Existe, nas feiras de arte, um selo que grandes museus colocam ao lado de obras de arte com o intuito de atrair colecionadores que queiram doar uma obra específica ao museu. Este selo acaba sendo um prestígio para o artista e a sua obra. A ideia, neste caso, era criar um selo que conferisse prestígio à obra por ela ter sido selecionada para apoiar um projeto social. 

O sonho não se materializou. Entretanto, 3 anos depois, em 2023, Gabriela Davies e sua parceira, Maíra Marques, criaram o projeto COMADRE (Instagram: https://www.instagram.com/comadre.art/) onde desenvolveram um selo que foi colocado ao lado de obras que apoiavam projetos sociais nas feiras de arte.  Eu não teria contatos e capacidade de me inserir no circuito do mercado de arte para fazer esta ideia emplacar, coisa que as curadoras-artistas do COMADRE tinham.

No ano de 2023, a COMADRE fez diversas exposições e selecionou obras de artistas nas feiras para destinar um percentual ou todo o valor da obra para projetos sociais ligados, sobretudo, à saúde da mulher, aborto seguro e empoderamento feminino. COMADRE é um projeto que estabelece novas relações dentro do mercado de arte. Me senti frustrada pelo sistema monetário da Bolsa de Valores Éticos não ter se materializado como eu havia programado, mas fiquei feliz ao saber que ele germinou em outro lugar, com outros contornos.

Em 2024 tive contato com as coordenadoras do recém inaugurado projeto Casa Seva em São Paulo, um dos poucos voltados para a sustentabilidade no circuito de artes. Em conversa com Carolina Pileggi, ela falou da intenção de destinar um percentual das vendas das obras para plantar árvores, de usar somente embalagem biodegradáveis ou reutilizáveis para o transporte das obras e papel semente para imprimir o texto curatorial.

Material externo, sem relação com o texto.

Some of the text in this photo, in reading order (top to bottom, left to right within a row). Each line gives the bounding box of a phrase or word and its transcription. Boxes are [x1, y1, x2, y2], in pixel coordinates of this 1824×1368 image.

Estes dois exemplos são duas das inúmeras maneiras do circuito de artes se envolver com questões sociais e a crise climática. Independente da quantidade de impacto positivo que isso irá gerar, o circuito de arte é um grande influenciador e precisa dar bons exemplos que possam ser seguidos por outros setores.

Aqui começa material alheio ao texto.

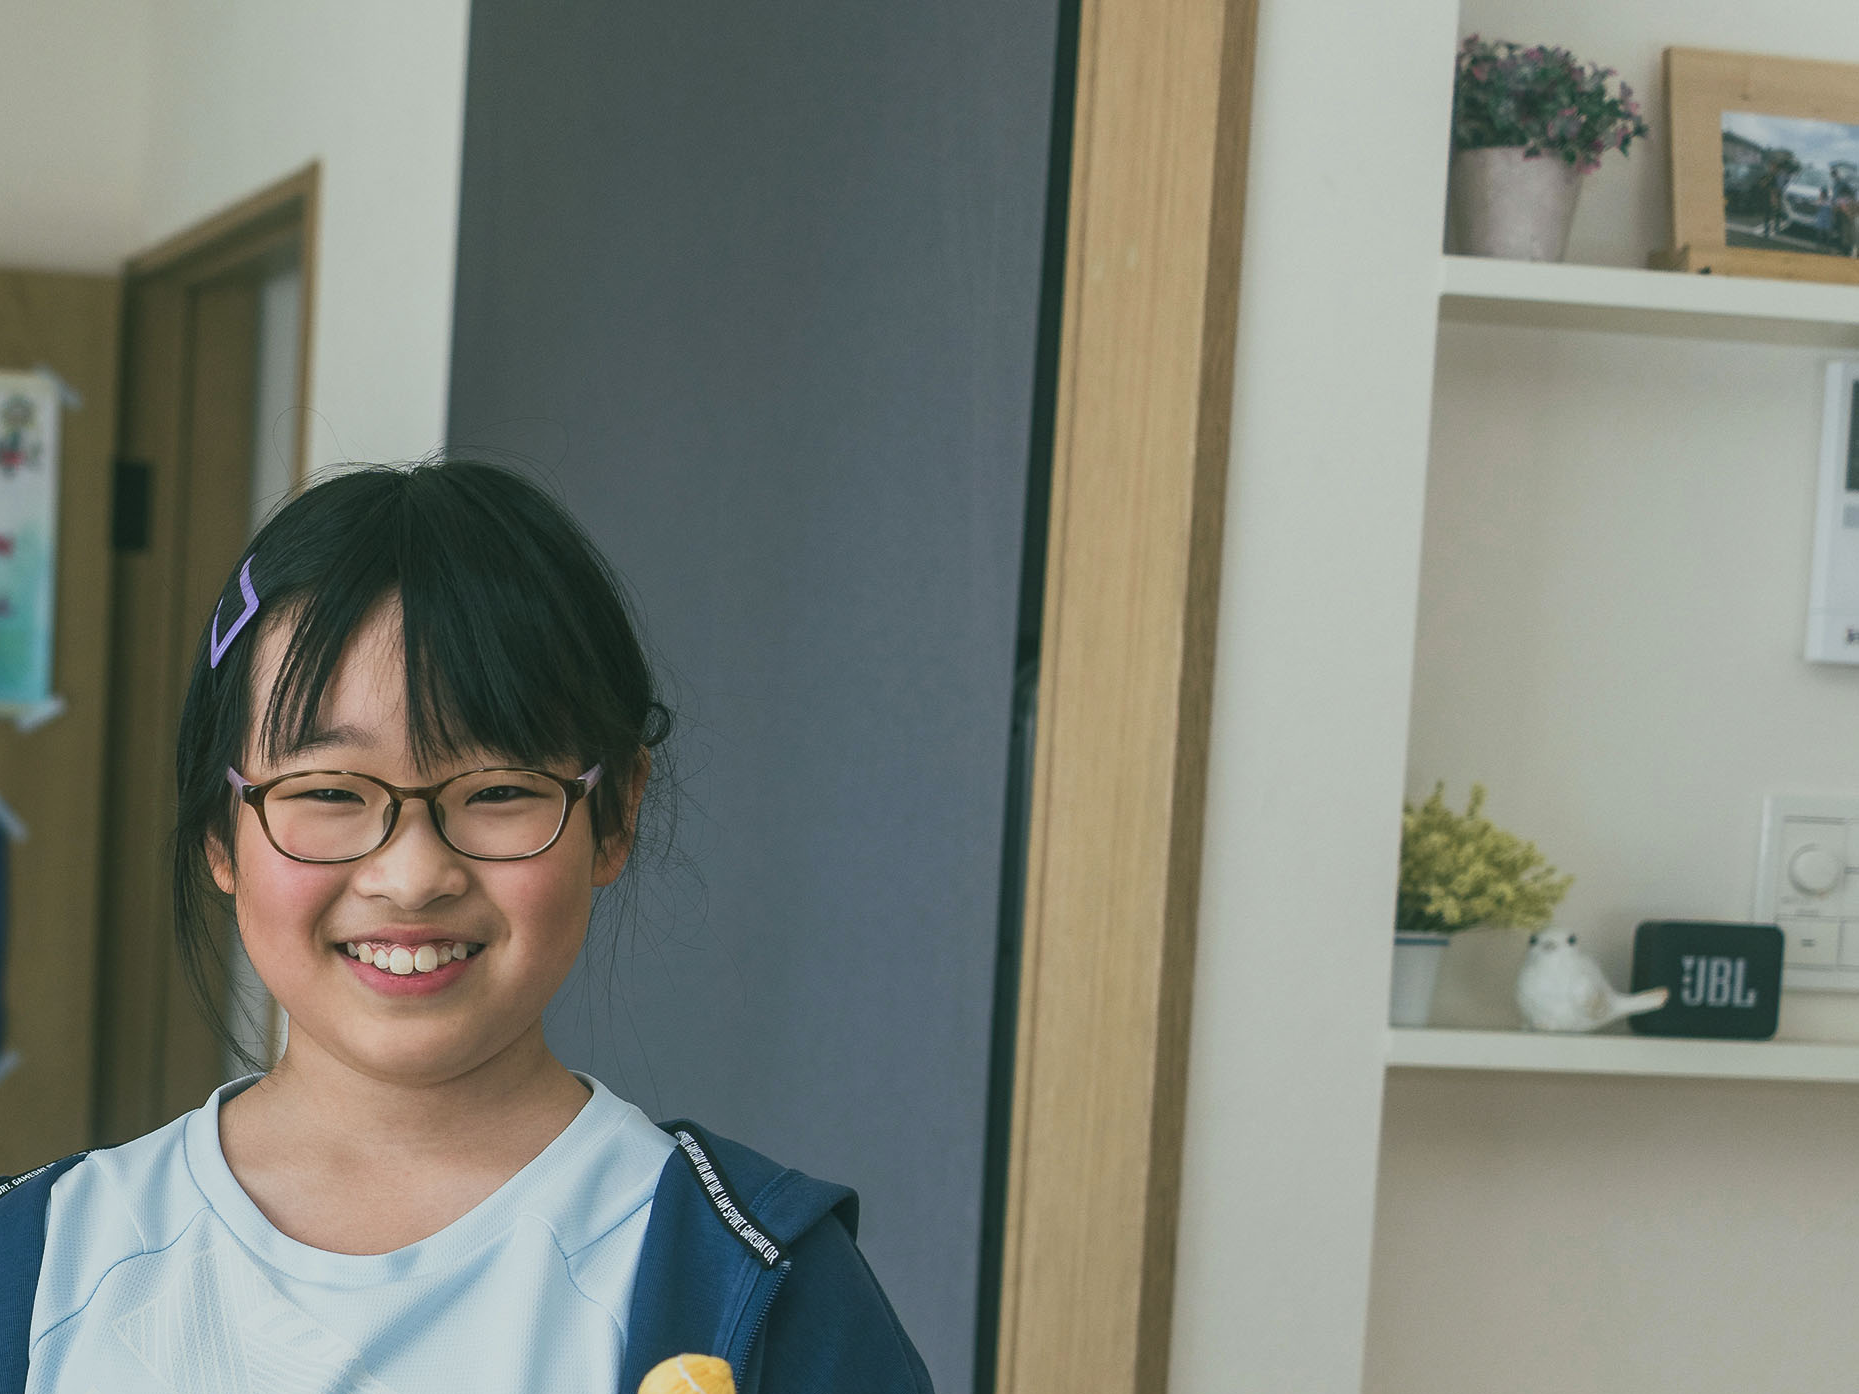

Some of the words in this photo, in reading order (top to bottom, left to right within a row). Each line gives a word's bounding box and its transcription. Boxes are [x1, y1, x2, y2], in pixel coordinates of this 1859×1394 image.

Voltando aos aprendizados que tive com as falhas do sistema da Bolsa de Valores Éticos do Banco do Afeto. Ao final, concluí que as empresas e pessoas privadas já pagam impostos (ou deveriam pagar) e, no caso, eu estava inventando um imposto extra. Algum tempo depois (2023), em Minas Gerais comecei a estudar com a Patrícia Rodrigues o sistema da lei Rouanet, junto com a conformação da VAV daquele momento – Acauã Ferreira, Leticia Mattoso, Joana Caetano, Rita Fonseca e Regina Vassimon. Neste momento, entendi que a lei Rouanet é um sistema muito parecido com o que eu pretendia “inventar”: um percentual do imposto de renda que a empresa deveria pagar para o governo pode ser destinado a projetos sociais, que são aprovados pelo Ministério da Cultura através da lei Rouanet. 

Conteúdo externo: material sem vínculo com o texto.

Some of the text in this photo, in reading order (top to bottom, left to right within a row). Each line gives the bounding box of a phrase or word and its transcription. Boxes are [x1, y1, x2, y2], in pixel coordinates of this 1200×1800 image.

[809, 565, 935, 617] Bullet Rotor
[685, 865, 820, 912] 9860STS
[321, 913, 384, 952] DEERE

Ou seja, neste caso não é um valor extra que a empresa ou a pessoa física pagam e no final todos saem ganhando: o governo que não precisa executar o projeto social, o projeto social que recebe patrocínio e a empresa que faz propaganda sem perder nada além do que já deveria pagar de imposto. Entretanto, não é fácil aprovar um projeto na lei Rouanet, são infinitas burocracias, orçamentos detalhados, planilhas, documentos, descrições minuciosas, enquadramento dos projetos em formatos específicos, etc. Todo este processo faz com que a lei acabe sendo voltada para pessoas hiper especializadas, se tornando elitista. Muito se discute sobre a desburocratização do sistema sem perder seu rigor em fiscalizar as entregas para que a Lei se torne mais acessível para pequenos projetos periféricos.

A parceria do poder público com a iniciativa privada e os projetos sociais já é, na prática, o que se espera de uma sociedade democrática. Entretanto, não podemos esquecer que as empresas têm interesses políticos e comerciais e isso acaba também por interferir nos projetos que ela patrocina. Voltamos, então, às questões do coletivo palestino “The Question of Funding” presentes no capítulo 2 do livro 1:  

“Como a cultura representa as estruturas de poder político? Resiste-lhes?  Como é que os produtores culturais se transformaram em empregados dentro destas estruturas? Como é que podemos politizar a relação entre o indivíduo e a instituição?”